The house curve is an offset that is added to the target curve, you should see its effect on the target curve in the EQ window



> How to add main speakers to the sub response?? That is sub+mains. Which bass management to use i.e. in AVR or REW??


REW does not have bass management. To measure sub+mains just feed the AVR the test signal from REW, to the left or right input of an AVR analog in, and let the AVR's bass management redirect the signal according to your speaker settings.


----------



## BraveHeart123 (Oct 18, 2010)

JohnM said:


> The house curve is an offset that is added to the target curve, you should see its effect on the target curve in the EQ window


As I understand it, house curve or hard-knee curve is added to the REW in Preferences>House Curve tab. But I am confused how REW applies HC to the response. HC is nothing but EQ filters so it should be part of the seperate EQ window and NOT the preferences. Coz preferences affect all the measurements and EQ window caters for the current measurement only. 

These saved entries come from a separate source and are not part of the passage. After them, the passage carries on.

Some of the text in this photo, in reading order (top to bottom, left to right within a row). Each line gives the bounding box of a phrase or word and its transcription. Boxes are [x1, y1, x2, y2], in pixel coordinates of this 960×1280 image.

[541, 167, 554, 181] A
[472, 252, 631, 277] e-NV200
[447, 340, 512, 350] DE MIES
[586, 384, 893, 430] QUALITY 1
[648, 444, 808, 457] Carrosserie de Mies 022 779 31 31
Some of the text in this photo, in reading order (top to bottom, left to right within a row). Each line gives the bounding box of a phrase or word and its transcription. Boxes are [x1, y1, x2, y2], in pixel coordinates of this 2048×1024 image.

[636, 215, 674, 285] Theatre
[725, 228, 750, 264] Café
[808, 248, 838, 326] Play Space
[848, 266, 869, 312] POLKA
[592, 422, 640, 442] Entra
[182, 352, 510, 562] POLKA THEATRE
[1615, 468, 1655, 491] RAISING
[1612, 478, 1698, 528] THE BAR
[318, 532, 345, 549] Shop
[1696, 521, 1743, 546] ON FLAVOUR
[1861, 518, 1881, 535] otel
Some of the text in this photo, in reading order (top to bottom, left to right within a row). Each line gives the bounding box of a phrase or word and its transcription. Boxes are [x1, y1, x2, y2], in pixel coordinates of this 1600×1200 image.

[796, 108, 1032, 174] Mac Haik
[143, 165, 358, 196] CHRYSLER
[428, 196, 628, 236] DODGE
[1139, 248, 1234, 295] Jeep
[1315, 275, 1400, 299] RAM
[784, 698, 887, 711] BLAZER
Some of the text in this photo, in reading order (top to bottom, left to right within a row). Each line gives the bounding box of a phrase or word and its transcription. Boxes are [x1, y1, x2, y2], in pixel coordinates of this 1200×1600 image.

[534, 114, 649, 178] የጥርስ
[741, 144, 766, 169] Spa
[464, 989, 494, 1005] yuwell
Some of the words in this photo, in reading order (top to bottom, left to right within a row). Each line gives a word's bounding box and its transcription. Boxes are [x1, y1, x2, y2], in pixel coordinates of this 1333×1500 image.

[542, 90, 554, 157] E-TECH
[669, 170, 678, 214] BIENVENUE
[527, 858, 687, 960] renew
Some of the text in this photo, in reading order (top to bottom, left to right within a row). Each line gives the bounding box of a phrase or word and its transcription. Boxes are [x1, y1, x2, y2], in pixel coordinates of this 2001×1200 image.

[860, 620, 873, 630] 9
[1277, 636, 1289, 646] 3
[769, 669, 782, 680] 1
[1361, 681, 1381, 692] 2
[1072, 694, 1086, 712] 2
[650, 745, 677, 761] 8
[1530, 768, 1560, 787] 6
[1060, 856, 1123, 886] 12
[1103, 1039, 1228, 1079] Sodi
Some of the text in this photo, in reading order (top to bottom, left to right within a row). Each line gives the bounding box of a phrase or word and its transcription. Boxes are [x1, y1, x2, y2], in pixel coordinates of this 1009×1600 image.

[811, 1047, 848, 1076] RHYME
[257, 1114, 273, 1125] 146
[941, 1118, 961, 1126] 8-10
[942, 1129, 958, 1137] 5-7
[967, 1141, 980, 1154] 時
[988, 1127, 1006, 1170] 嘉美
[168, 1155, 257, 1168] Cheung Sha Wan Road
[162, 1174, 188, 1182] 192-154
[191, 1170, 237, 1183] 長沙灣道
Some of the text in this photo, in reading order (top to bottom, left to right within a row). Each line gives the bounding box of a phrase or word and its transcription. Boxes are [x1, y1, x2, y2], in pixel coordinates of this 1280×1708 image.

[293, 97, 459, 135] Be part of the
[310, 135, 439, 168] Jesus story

How is house curve fed into the response if there are no matching filters in the EQ window?? I am sorry but I am unable to understand it.


----------



## BraveHeart123 (Oct 18, 2010)

JohnM said:


> REW does not have bass management. To measure sub+mains just feed the AVR the test signal from REW, to the left or right input of an AVR analog in, and let the AVR's bass management redirect the signal according to your speaker settings.


Why does REW ask for Target Defaults in Preferences under Equaliser tab if there is no bass management going on inside REW?? 
What should I do with these settings (Speaker, Cutoff, Crossover, LF Slope, LF cutoff) if REW does not do bass management???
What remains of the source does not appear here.